Je rêvais de m’envoler pour Rome depuis plusieurs années. Tout au long de ma vingtaine, au fil des amis, des amoureux, de l’école et des projets, j’ai caressé l’espoir d’un jour venir vivre ici, dans le pays où est né mon grand-père, avant de tout quitter à 27 ans lui aussi pour émigrer au Canada. J’ai toujours eu envie de faire le voyage contraire au sien et de reconnecter avec la culture que mon père, son fils, n’a jamais connue. Né au Québec, il s’était toujours promis de visiter l’Italie de ses ancêtres pour son 50e anniversaire, mais le cancer l’a emporté à l’âge de 48 ans. Habiter ici, c’était une façon de concrétiser son rêve et d’en apprendre un peu plus sur celle que je suis. J’ai l’immense chance d’avoir la citoyenneté italienne, un travail que je peux exercer n’importe où et une situation financière assez stable, et j’ai toujours eu la ferme intention d’en profiter. J’attendais juste le bon moment.

Il y a quelques mois, c’est autour d’une bouteille de vin au parc Laurier que ma meilleure amie et moi avons eu la discussion qui a tout déclenché. Déçue des hommes, heureuse au travail, mais un peu maussade, j’avais l’impression de tourner en rond. Je me souviens encore de la façon dont elle m’a fait réaliser qu’il était temps, une bonne fois pour toutes, de faire de mon rêve une réalité. Elle ne voulait pas me voir partir, mais elle savait que j’en avais besoin. «Si tu consacrais autant d’énergie à tes projets qu’à tes dates Tinder pourries, m’a-t-elle lancé, tu serais déjà partie!» Ce soir-là, de retour chez moi, j’ai pris la décision de m’en aller. C’était au début de l’été.

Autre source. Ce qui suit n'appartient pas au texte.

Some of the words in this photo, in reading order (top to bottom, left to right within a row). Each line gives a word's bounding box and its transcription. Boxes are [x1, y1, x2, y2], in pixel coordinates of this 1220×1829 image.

Durant les mois qui ont suivi, j’ai tout préparé. J’ai entrepris les démarches pour obtenir mon passeport italien, commencé à chercher un appartement là-bas et engrangé des contrats supplémentaires, en plus de mon travail, pour mettre de l’argent de côté. Il ne me restait plus qu’à sous-louer mon appartement et à trouver une famille à mon chat. Un beau soir d’été, alors que je mangeais avec des amies sur ma terrasse, nous nous sommes mises à parler avec le voisin et ses invités qui soupaient, eux aussi, à la belle étoile. De fil en aiguille, je leur ai expliqué mon projet. L’un des amis de mon voisin, un Français nouvellement arrivé, se cherchait justement un appartement meublé. Son autre ami, lui, voulait un chat pour ses enfants. Dans un concours de circonstances quasi miraculeux, le premier a repris mon bail en achetant tous mes meubles et le second a adopté mon félin. Il m’était maintenant impossible de revenir en arrière.

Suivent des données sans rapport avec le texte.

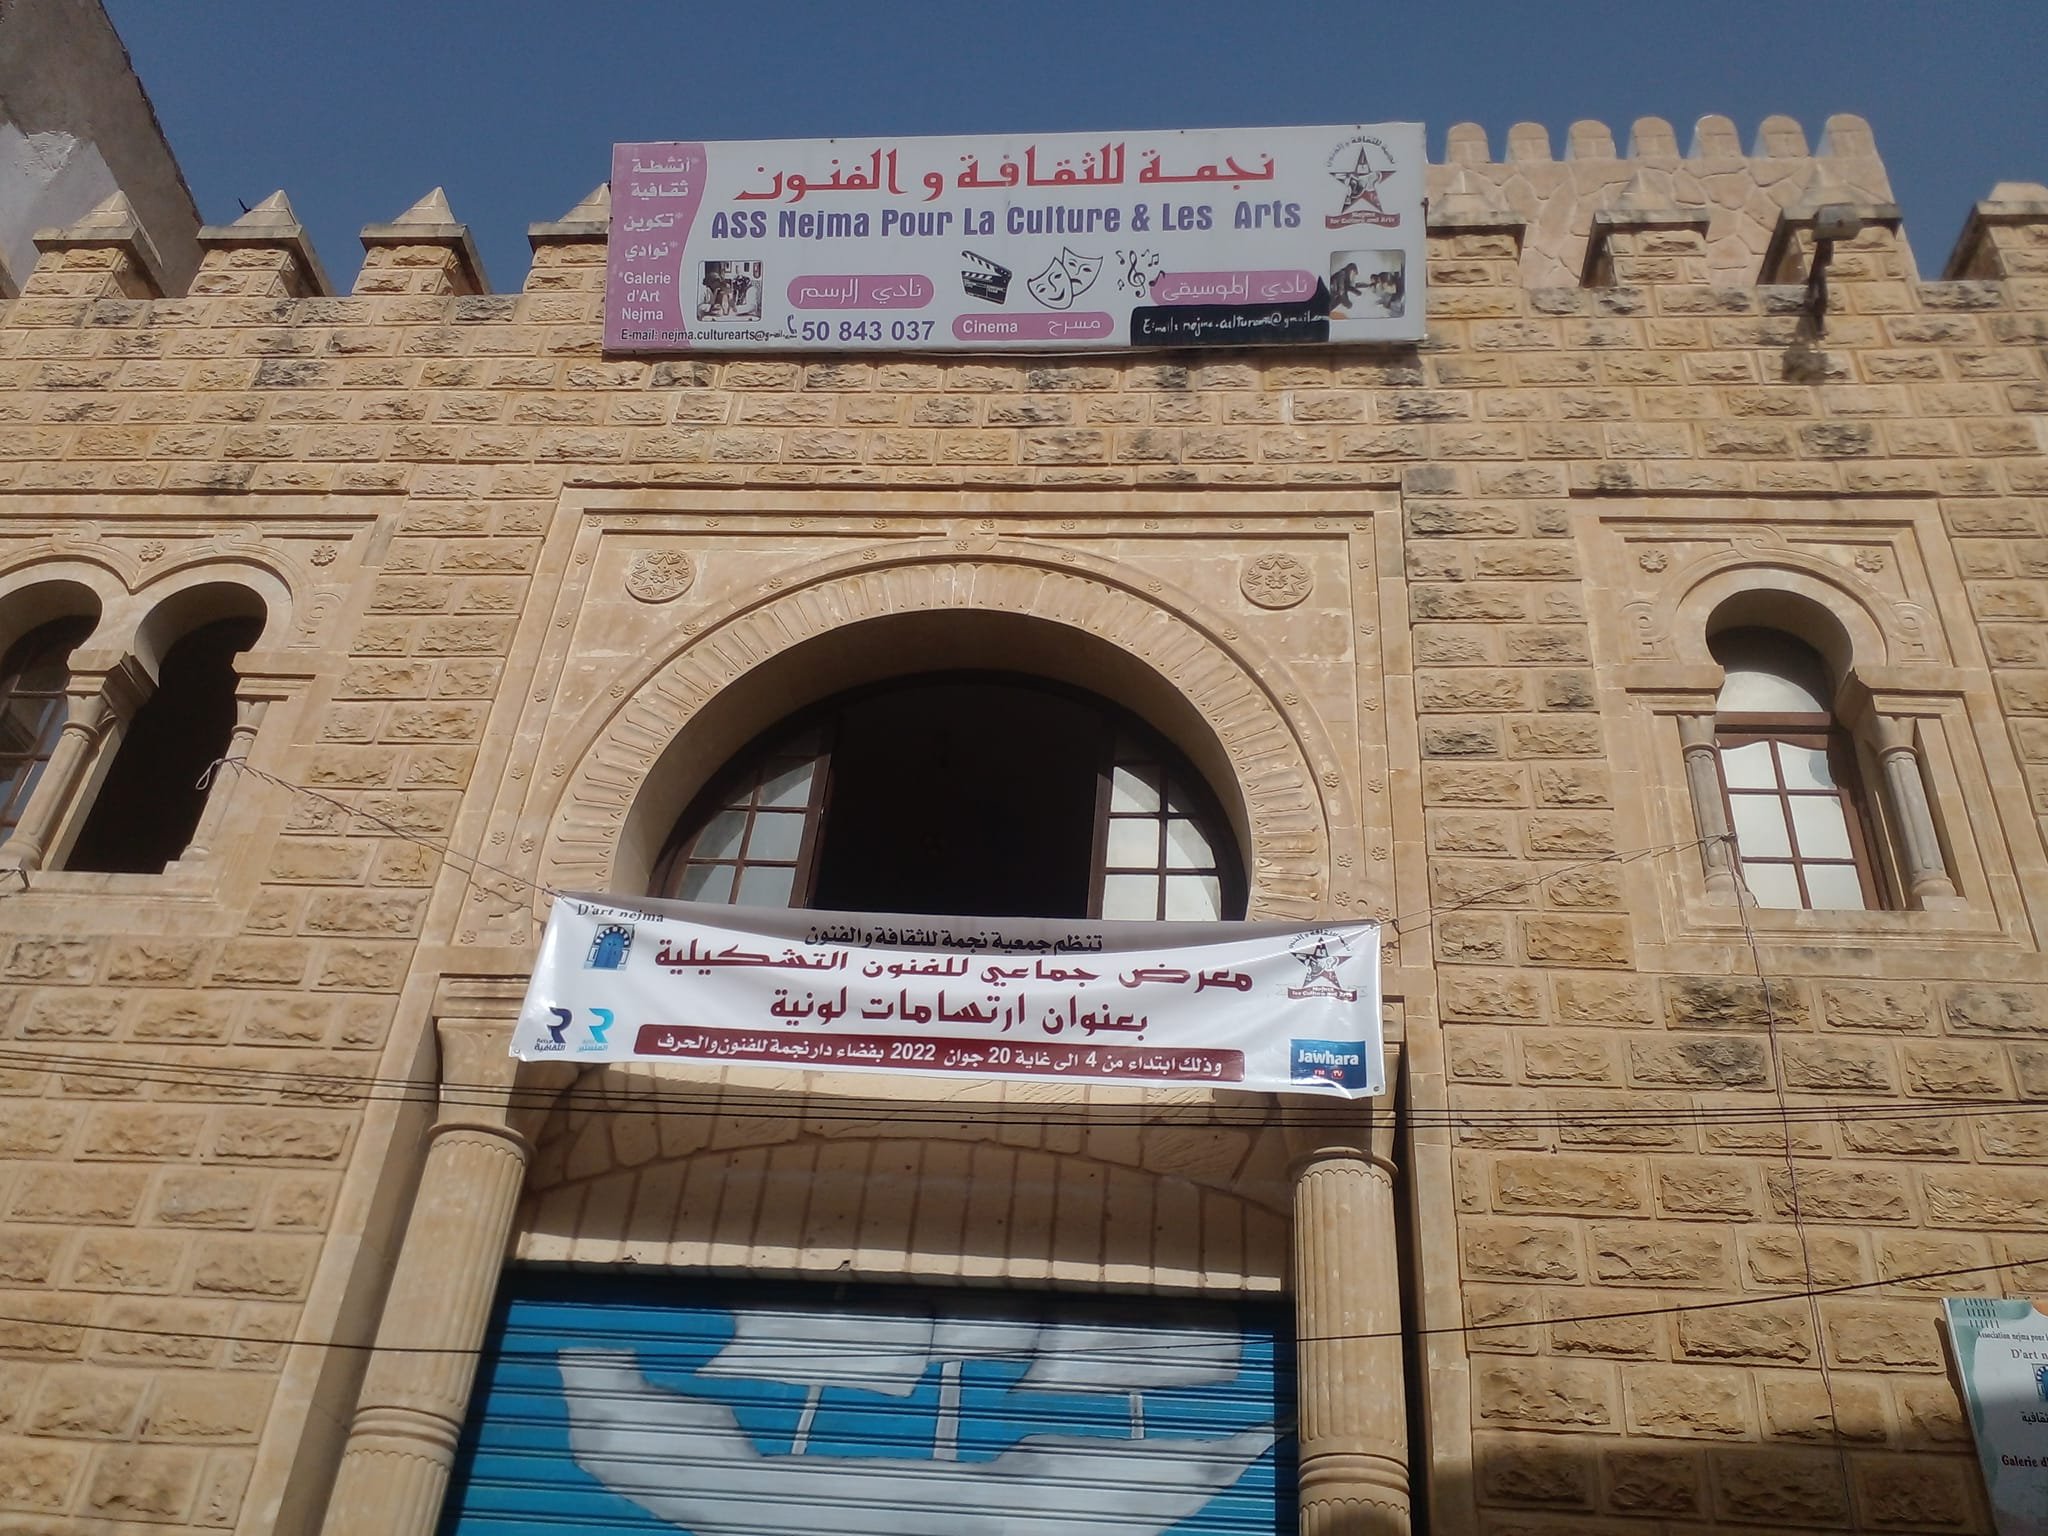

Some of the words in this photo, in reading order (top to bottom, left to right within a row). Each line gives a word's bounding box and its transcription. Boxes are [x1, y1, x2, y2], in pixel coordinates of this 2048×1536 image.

[957, 142, 1125, 188] للثقافة
[1139, 149, 1274, 190] نجمة
[732, 148, 908, 203] الفنون
[631, 180, 689, 200] ثقافية
[922, 171, 944, 202] و
[623, 213, 675, 232] تكوين
[711, 210, 768, 239] ASS
[778, 210, 870, 241] Nejma
[881, 208, 953, 237] Pour
[963, 207, 996, 236] La
[1006, 204, 1121, 236] Culture
[1130, 203, 1150, 232] &
[1161, 202, 1213, 232] Les
[1234, 199, 1301, 230] Arts
[624, 242, 669, 262] نوادي
[623, 271, 672, 286] Galerie
[1162, 274, 1250, 301] الموسيقى
[1260, 273, 1308, 301] نادي
[626, 289, 661, 304] d'Art
[800, 278, 859, 305] الرسم
[872, 278, 922, 305] نادي
[621, 307, 665, 323] Nejma
[621, 328, 659, 341] E-mail:
[801, 321, 831, 342] 50
[838, 320, 883, 342] 843
[890, 319, 936, 341] 037
[962, 319, 1019, 334] Cinema
[1047, 319, 1101, 337] مسرح
[576, 903, 615, 917] D'art
[619, 909, 665, 923] nejma
[874, 926, 938, 948] للثقافة
[941, 929, 988, 950] نجمة
[991, 931, 1053, 952] جمعية
[1053, 933, 1103, 955] تنظم
[655, 937, 849, 977] التشكيلية
[862, 955, 969, 979] للفنون
[981, 959, 1101, 988] جماعي
[1118, 963, 1254, 994] معرض
[770, 985, 848, 1026] لونية
[861, 986, 1026, 1033] ارتسامات
[1042, 994, 1148, 1042] بعنوان
[722, 1038, 769, 1056] للفنون
[769, 1039, 809, 1058] نجمة
[808, 1043, 832, 1059] دار
[836, 1042, 885, 1062] بفضاء
[889, 1043, 936, 1061] 2022
[988, 1047, 1011, 1065] 20
[943, 1049, 984, 1068] جوان
[1014, 1048, 1051, 1067] غاية
[1085, 1050, 1098, 1068] 4
[1102, 1055, 1124, 1074] من
[1128, 1053, 1176, 1076] ابتداء
[1178, 1053, 1223, 1078] وذلك
[1298, 1049, 1359, 1066] Jawhara
[2010, 1348, 2039, 1360] D'art
[2001, 1455, 2038, 1468] Galerie

Avec le recul, je réalise que je mettais en place les fondations de ce grand projet de vie depuis longtemps. Ces dernières années, j’ai beaucoup travaillé sur moi-même en prenant soin de ma santé mentale, physique et financière. Sans le savoir, je me préparais tranquillement à devenir la personne que je suis aujourd’hui, prête à vivre cette énorme transition. Mon dernier été montréalais s’est déroulé comme dans un rêve, rempli d’amis, de séjours au chalet de ma mère et de beaux souvenirs que je chérirai longtemps. J’étais prête et je suis partie en paix.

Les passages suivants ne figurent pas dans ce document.